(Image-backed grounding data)
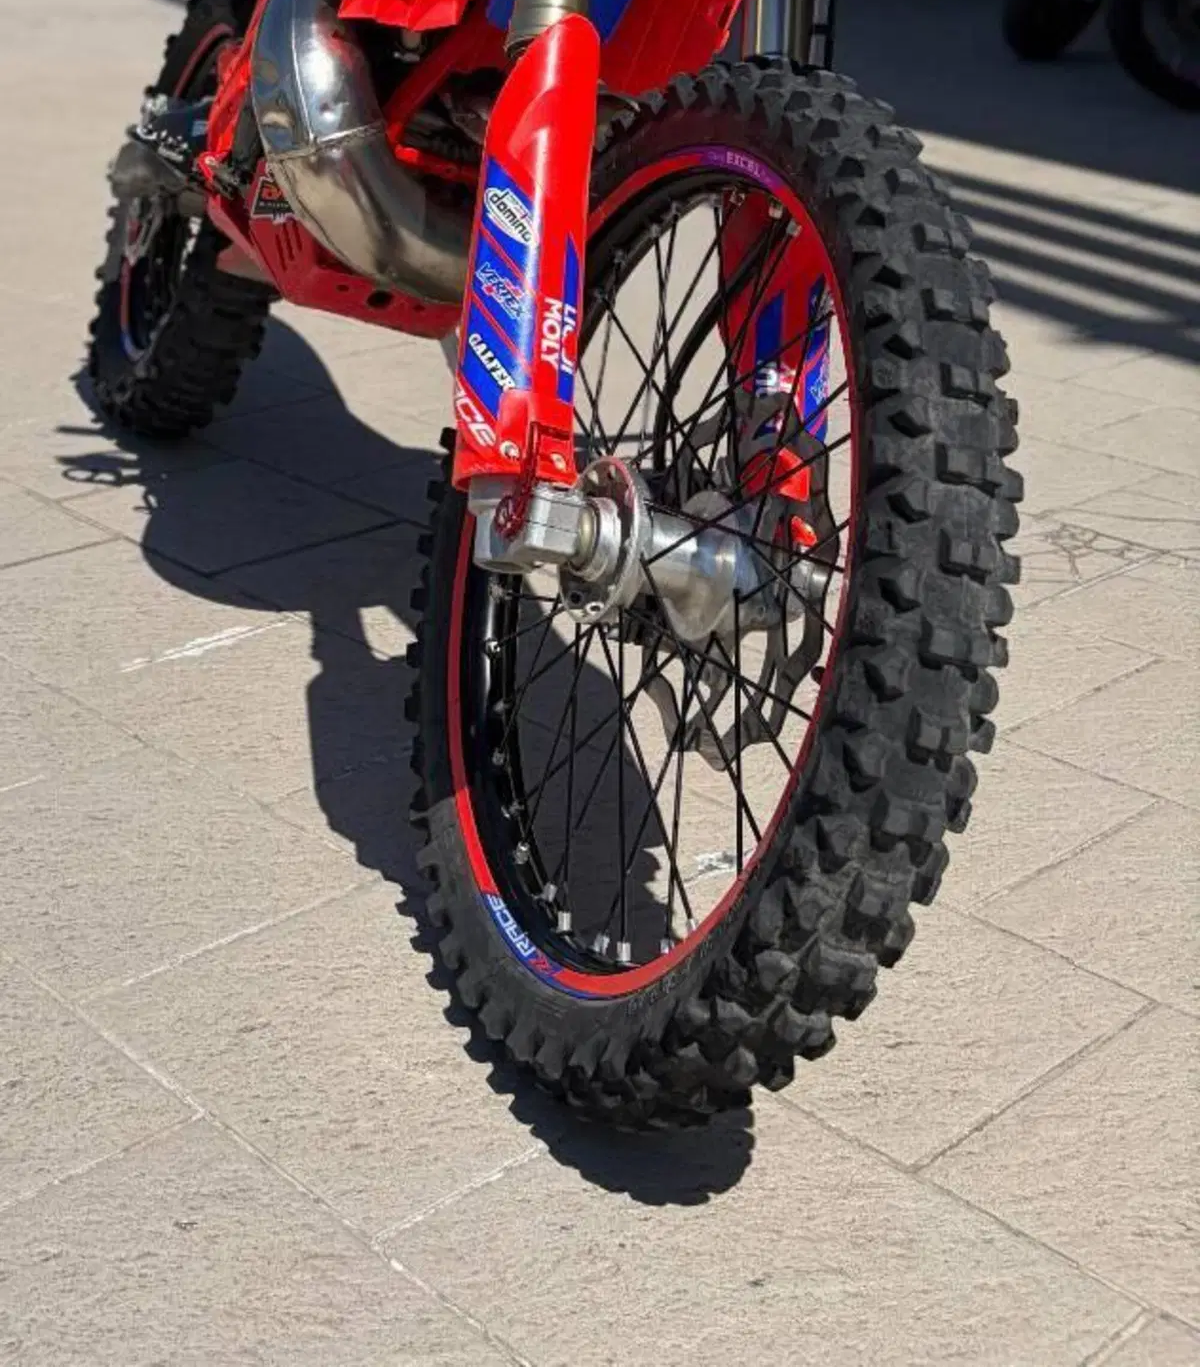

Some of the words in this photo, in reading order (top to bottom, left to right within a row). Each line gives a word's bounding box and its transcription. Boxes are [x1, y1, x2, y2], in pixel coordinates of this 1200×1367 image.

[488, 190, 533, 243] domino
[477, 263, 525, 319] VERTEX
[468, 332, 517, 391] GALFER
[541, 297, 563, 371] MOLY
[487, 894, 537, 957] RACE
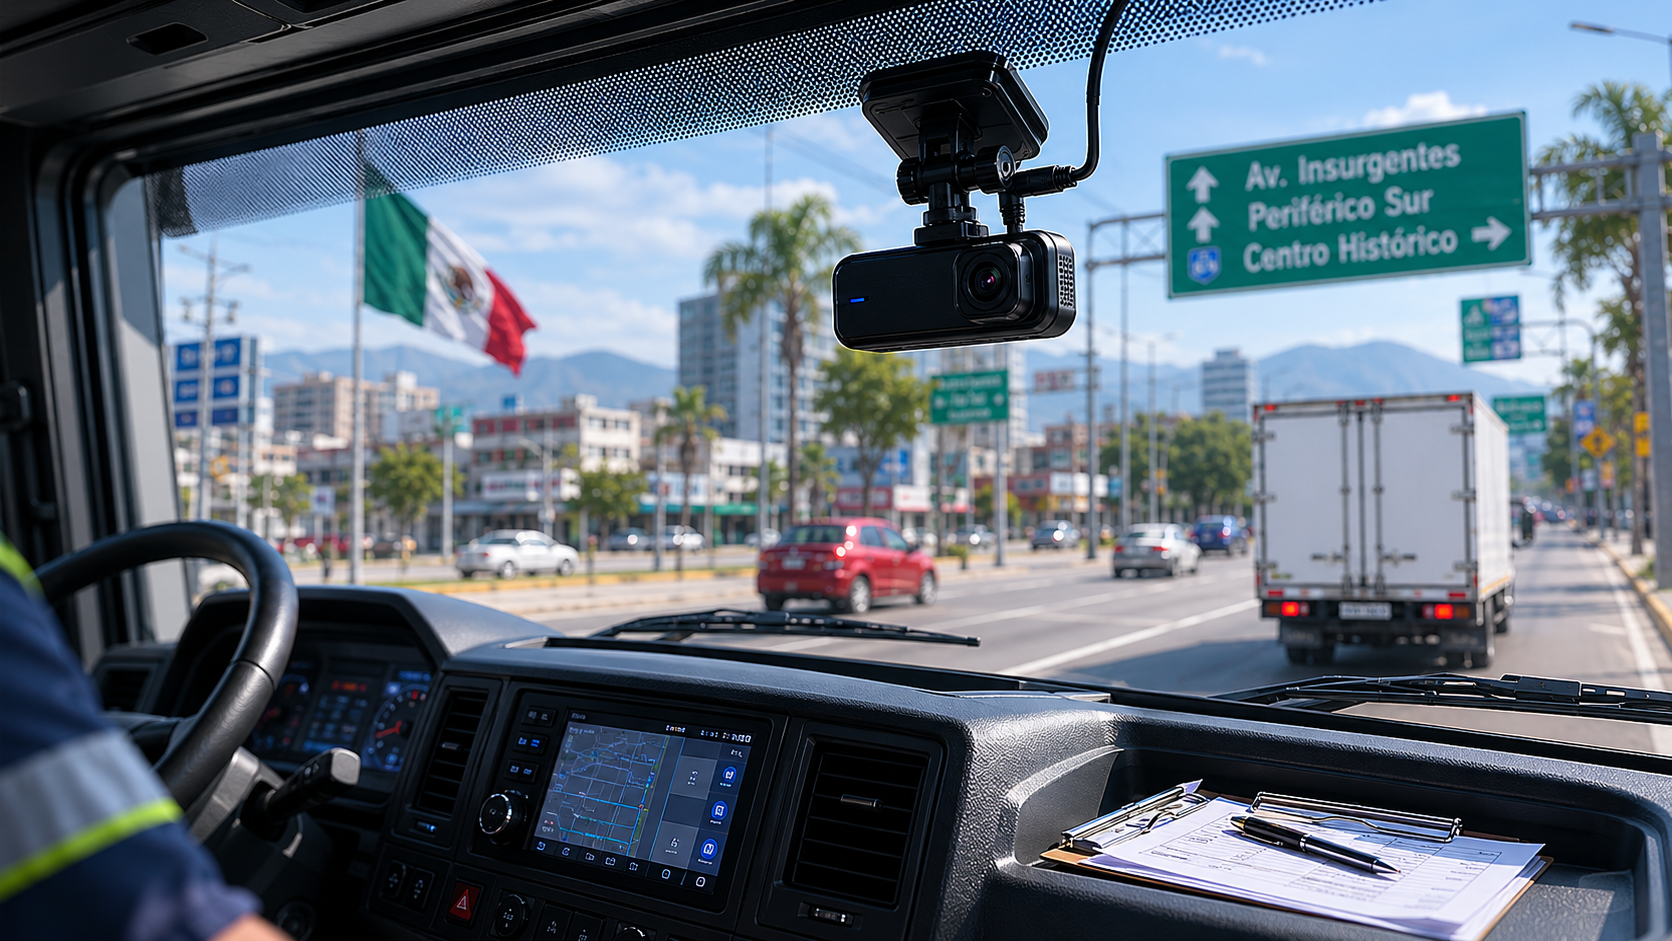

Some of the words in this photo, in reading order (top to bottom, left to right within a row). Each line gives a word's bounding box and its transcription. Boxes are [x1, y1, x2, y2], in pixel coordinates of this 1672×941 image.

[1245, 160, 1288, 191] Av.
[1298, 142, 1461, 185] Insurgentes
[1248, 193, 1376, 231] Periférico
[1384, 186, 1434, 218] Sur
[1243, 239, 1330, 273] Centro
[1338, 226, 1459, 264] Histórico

### TASK TO CARRY OUT
Only the lines from the one containing "this 1672×941 image." through the end of the entries above should be written out, exactly and in full.

### OUTPUT FOR THIS EXERCISE
Some of the words in this photo, in reading order (top to bottom, left to right within a row). Each line gives a word's bounding box and its transcription. Boxes are [x1, y1, x2, y2], in pixel coordinates of this 1672×941 image.

[1245, 160, 1288, 191] Av.
[1298, 142, 1461, 185] Insurgentes
[1248, 193, 1376, 231] Periférico
[1384, 186, 1434, 218] Sur
[1243, 239, 1330, 273] Centro
[1338, 226, 1459, 264] Histórico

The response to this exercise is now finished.